Dans "Apolline Matin" ce lundi sur RMC et RMC Story, Nicolas Poincaré est revenu sur le procès des attentats du 13-Novembre, dont la dernière ligne droite débute.

On entre dans la dernière ligne droite du procès des attentats du 13 novembre. Les plaidoiries de la défense commencent ce lundi. Et le verdict est attendu le 29 juin, pour un procès qui a commencé le 8 septembre. Neuf mois et demi, c’est le procès le plus long de l’histoire judiciaire français, pour juger des attentats les plus meurtriers de l’histoire de France. Une immense salle d’audience construite spécialement, vingt accusés dont 14 présents, un dossier d’un million de pages, 2.400 parties civiles, 300 avocats. Cela restera forcément dans les annales. Les audiences ont d'ailleurs été filmées pour l’histoire. Les images seront disponibles dans 50 ans, et avant pour les chercheurs.

Un des enjeux de ce procès, c’était de savoir si le principal accusé, Salah Abdeslam allait parler… Parce que le seul survivant du commando terroriste n’avait presque jamais rien dit auparavant. Il avait refusé de venir aux audiences de son premier procès en Belgique. Il avait refusé de voir les experts psychiatres. Même avec son premier avocat, Franck Berton, il ne disait pas un mot. Et en prison, lorsqu’il parlait aux surveillants, c'était la plupart du temps pour les insulter…

Et puis finalement, devant la cour d’assises, il a parlé. Surtout deux fois. Le 9 février, il a expliqué par périphrase qu’il n’avait pas déclenché sa ceinture d’explosif, volontairement. Et ce jour-là, il a également insisté sur le fait qu’il n’avait tué personne. Mais c’est surtout le 13 avril qu’il a fait basculer le procès. A la surprise générale, il a annoncé qu’il allait s'expliquer sur tout. "Je présente mes excuses aux victimes", a-t-dit, avant de prononcer cette phrase incroyable: "Je vous demande de me détester modérément".

Et puis ce même jour, Salah Abdeslam a cette fois affirmé clairement qu’il avait volontairement renoncé à faire exploser sa ceinture. Il a raconté ce qu’il n’avait jamais dit: qu'il était rentré dans un café du 18e arrondissement de Paris pour se faire sauter, mais qu’il avait vu des jeunes en train de danser et qu’il avait renoncé. Pas par peur, mais par "humanité". On n’est pas obligé de croire en ce récit. Mais ce jour-là, Salah Abdeslam avait visiblement choisi de parler et de s’excuser pour essayer d'échapper à la peine maximale.

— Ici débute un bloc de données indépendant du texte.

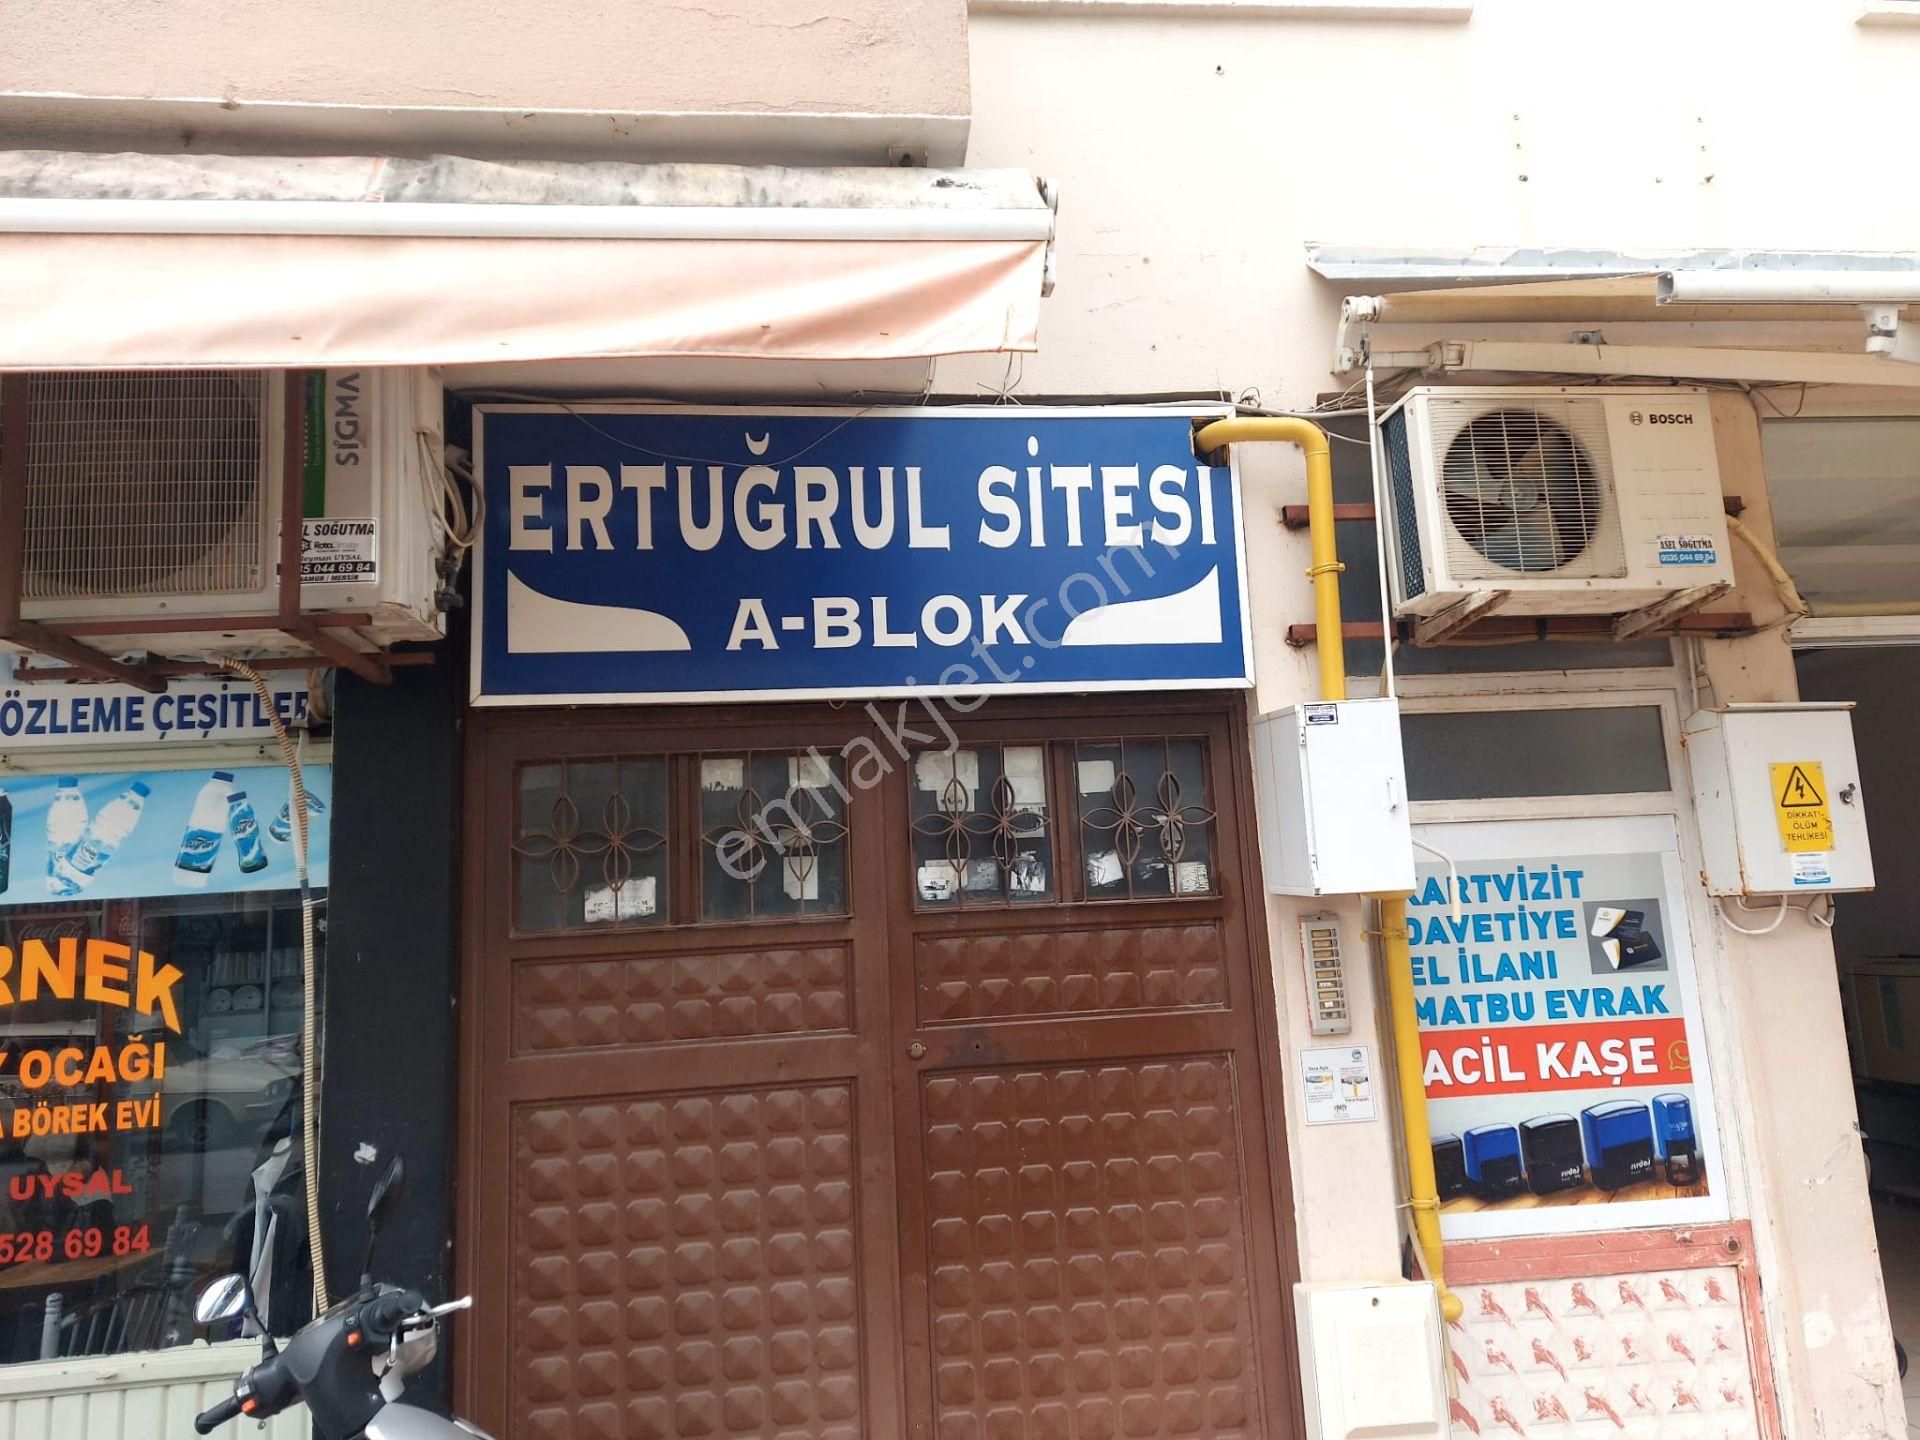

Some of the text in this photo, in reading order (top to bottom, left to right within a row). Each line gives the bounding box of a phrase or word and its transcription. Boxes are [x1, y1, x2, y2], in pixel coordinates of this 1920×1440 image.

[1649, 413, 1694, 425] BOSCH
[508, 432, 951, 554] ERTUĞRUL
[314, 522, 375, 536] SOĞUTMA
[313, 563, 335, 573] 044
[338, 563, 353, 572] 69
[356, 562, 371, 572] 84
[724, 593, 1033, 651] A-BLOK
[1406, 904, 1578, 946] DAVETİYE
[1410, 947, 1558, 986] EL İLANI
[1415, 984, 1670, 1026] MATBU EVRAK
[19, 1035, 166, 1089] OCAĞI
[1423, 1035, 1659, 1087] ACİL KAŞE
[12, 1101, 109, 1138] BÖREK
[116, 1092, 161, 1130] EVİ
[10, 1169, 133, 1200] UYSAL
[0, 1224, 150, 1264] 528 69 84

Peine maximale requise contre Salah Abdeslam

Pourtant, le parquet vient de requérir contre lui cette peine maximale. C’était vendredi, après trois jours de réquisition. Les avocats généraux ont demandé aux jurés de condamner Salah Abdeslam à la perpétuité assortie d’une période de sûreté incompressible. C'est-à-dire la perpétuité réelle, quasiment sans espoir de sortir. Une peine qui n’a été prononcée que quatre fois en France. Camille Hennetier, la chef du parquet national antiterroriste, a parlé d’une réinsertion impossible en demandant: "Que répondre à un homme qui est sûr de mériter le ciel s’il vous égorge ?".

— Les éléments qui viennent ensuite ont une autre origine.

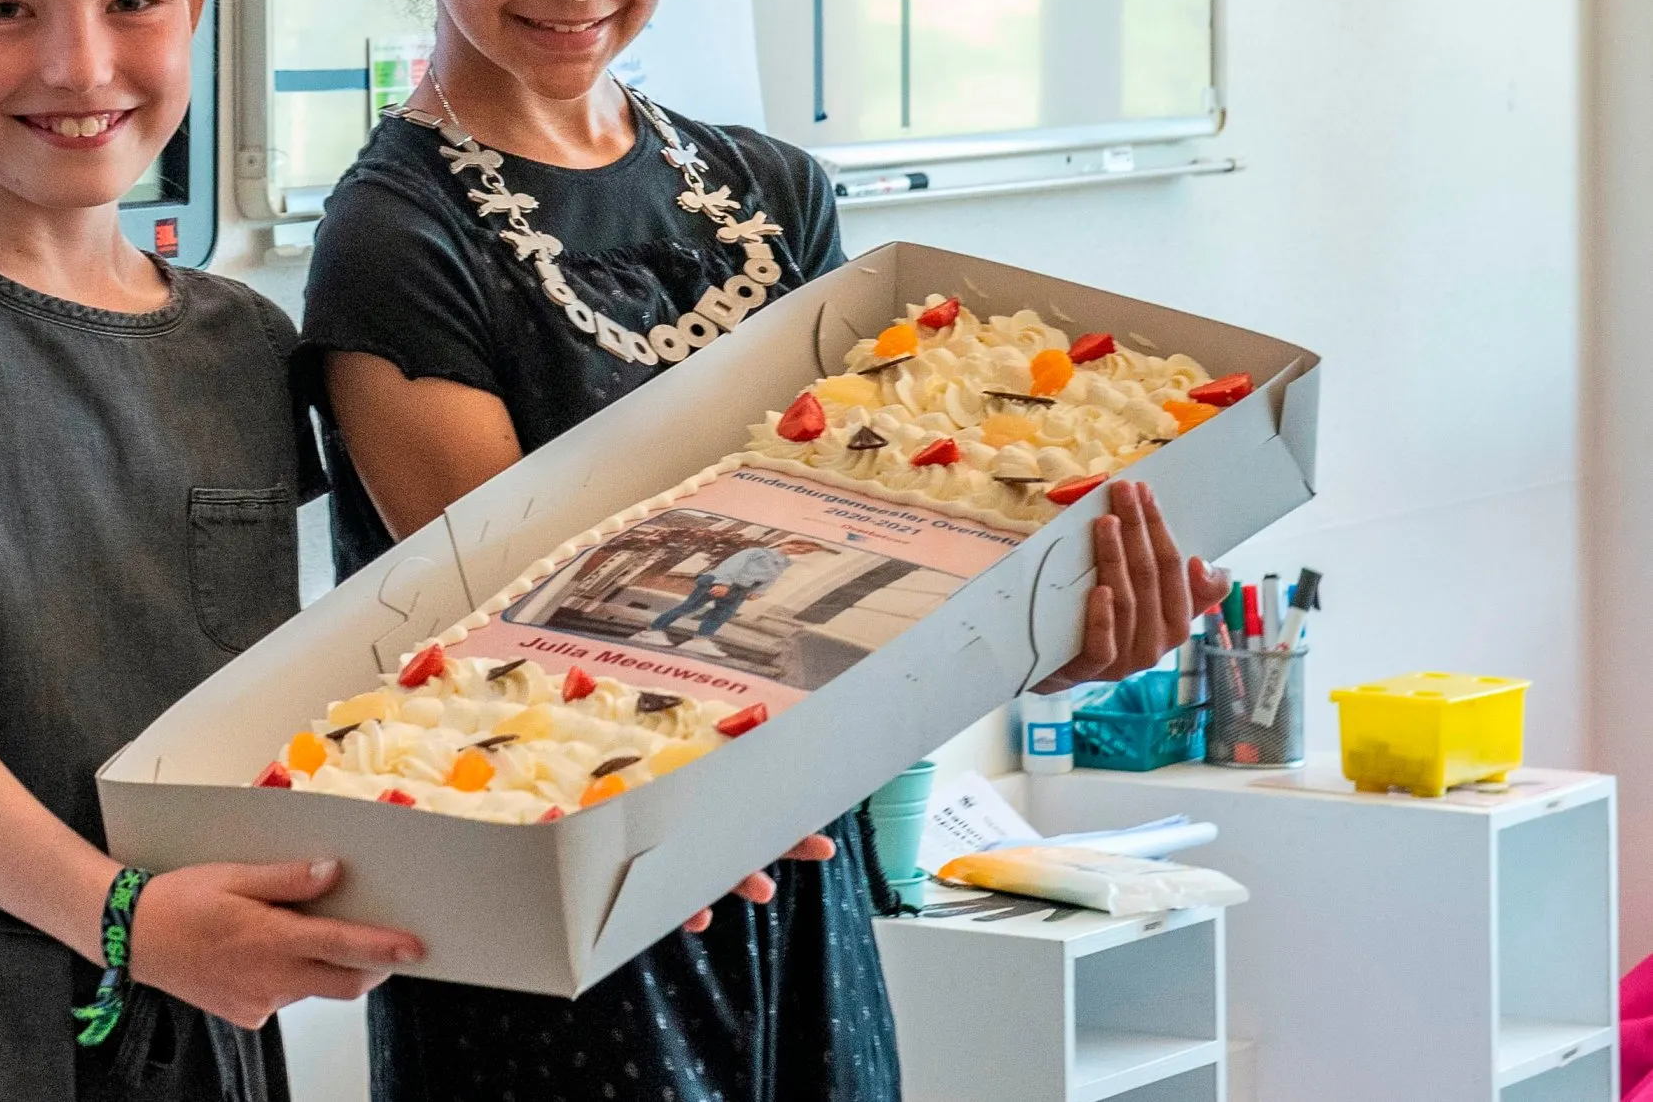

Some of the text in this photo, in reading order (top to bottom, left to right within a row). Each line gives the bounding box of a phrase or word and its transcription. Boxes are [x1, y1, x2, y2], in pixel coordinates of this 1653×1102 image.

[732, 471, 928, 524] Kinderburgemeester
[823, 506, 922, 536] 2020-2021
[519, 636, 749, 694] Julia Meeuwsen
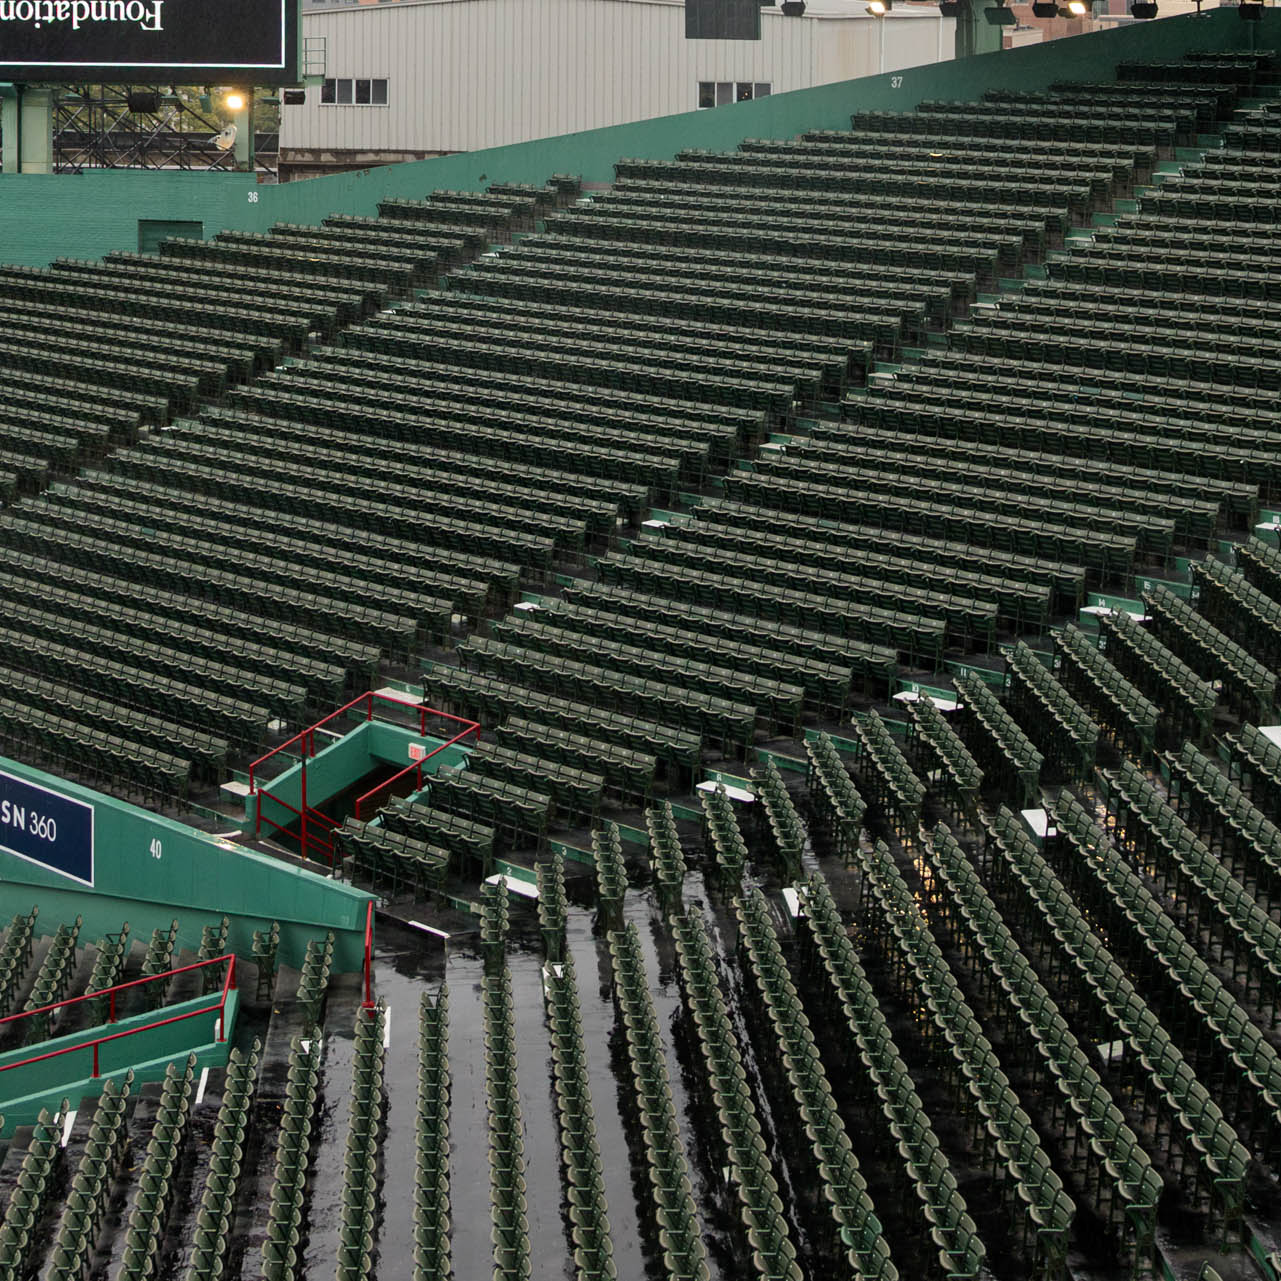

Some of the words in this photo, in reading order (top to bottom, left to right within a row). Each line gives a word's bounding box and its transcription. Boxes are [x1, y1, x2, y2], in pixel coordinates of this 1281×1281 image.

[890, 76, 903, 89] 37
[247, 192, 258, 203] 36
[29, 810, 58, 843] 360
[150, 838, 162, 861] 40

La perpétuité a aussi été requise contre Mohamed Abrini, l’ami d’enfance de Salah Abdeslam, qui était venu avec le commando mais qui était rentré en Belgique la veille des attentats. Perpétuité aussi pour deux terroristes qui devaient ce jour-là perpétrer des attentats à Amsterdam. Mais on ne saura jamais pourquoi ils ne l’ont pas fait, puisqu’ils n’ont pas dit un mot pendant le procès… Perpétuité requise encore contre un logisticien qui avait loué des caches et véhiculé des terroristes. Et contre cinq des six accusés absents. Absents très certainement parce qu’ils sont morts en Syrie…

De ces neuf mois d’audiences, on retiendra aussi des témoignages des rescapés et des proches de ceux qui sont morts. Ils sont presque 450 à avoir témoigné. Des récits de douleurs et de vies brisées. Cinq semaines d’émotion, impossible à résumer en quelques mots. Mais on peut citer Philippe Duperron, président de l'association de victimes 13Onze15, qui a perdu son fils au Bataclan. Il a parlé d’un procès exemplaire, de la délicatesse du président et de l’effet "cathartique" pour ceux qui ont témoigné. La catharsis, c’est ce qui à la fois libère et purifie.